Exercise prompt: Each line from the one containing "this 1344×1512 image." through the end of the data is to be written out exactly, and nothing more.

Exercise inputs:
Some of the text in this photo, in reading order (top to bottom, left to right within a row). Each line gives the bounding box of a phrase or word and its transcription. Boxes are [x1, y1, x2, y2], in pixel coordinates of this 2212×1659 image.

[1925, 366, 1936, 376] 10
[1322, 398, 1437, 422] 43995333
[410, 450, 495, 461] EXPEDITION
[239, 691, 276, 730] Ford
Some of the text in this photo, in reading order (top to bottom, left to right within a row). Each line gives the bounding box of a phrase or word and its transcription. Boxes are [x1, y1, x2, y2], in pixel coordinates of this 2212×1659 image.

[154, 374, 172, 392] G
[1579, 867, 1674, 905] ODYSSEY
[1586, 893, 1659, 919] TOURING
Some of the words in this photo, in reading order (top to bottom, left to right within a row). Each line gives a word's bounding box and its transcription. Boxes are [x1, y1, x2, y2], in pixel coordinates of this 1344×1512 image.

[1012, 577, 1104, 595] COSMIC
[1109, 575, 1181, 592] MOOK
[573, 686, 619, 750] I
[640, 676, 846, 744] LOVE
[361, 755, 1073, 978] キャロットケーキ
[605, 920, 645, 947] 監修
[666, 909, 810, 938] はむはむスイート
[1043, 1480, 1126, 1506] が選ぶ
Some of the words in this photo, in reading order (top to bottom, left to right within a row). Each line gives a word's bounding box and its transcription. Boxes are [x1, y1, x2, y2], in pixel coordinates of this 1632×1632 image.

Answer section:
Some of the words in this photo, in reading order (top to bottom, left to right within a row). Each line gives a word's bounding box and its transcription. Boxes are [x1, y1, x2, y2], in pixel coordinates of this 1344×1512 image.

[1012, 577, 1104, 595] COSMIC
[1109, 575, 1181, 592] MOOK
[573, 686, 619, 750] I
[640, 676, 846, 744] LOVE
[361, 755, 1073, 978] キャロットケーキ
[605, 920, 645, 947] 監修
[666, 909, 810, 938] はむはむスイート
[1043, 1480, 1126, 1506] が選ぶ
Some of the words in this photo, in reading order (top to bottom, left to right within a row). Each line gives a word's bounding box and its transcription. Boxes are [x1, y1, x2, y2], in pixel coordinates of this 1632×1632 image.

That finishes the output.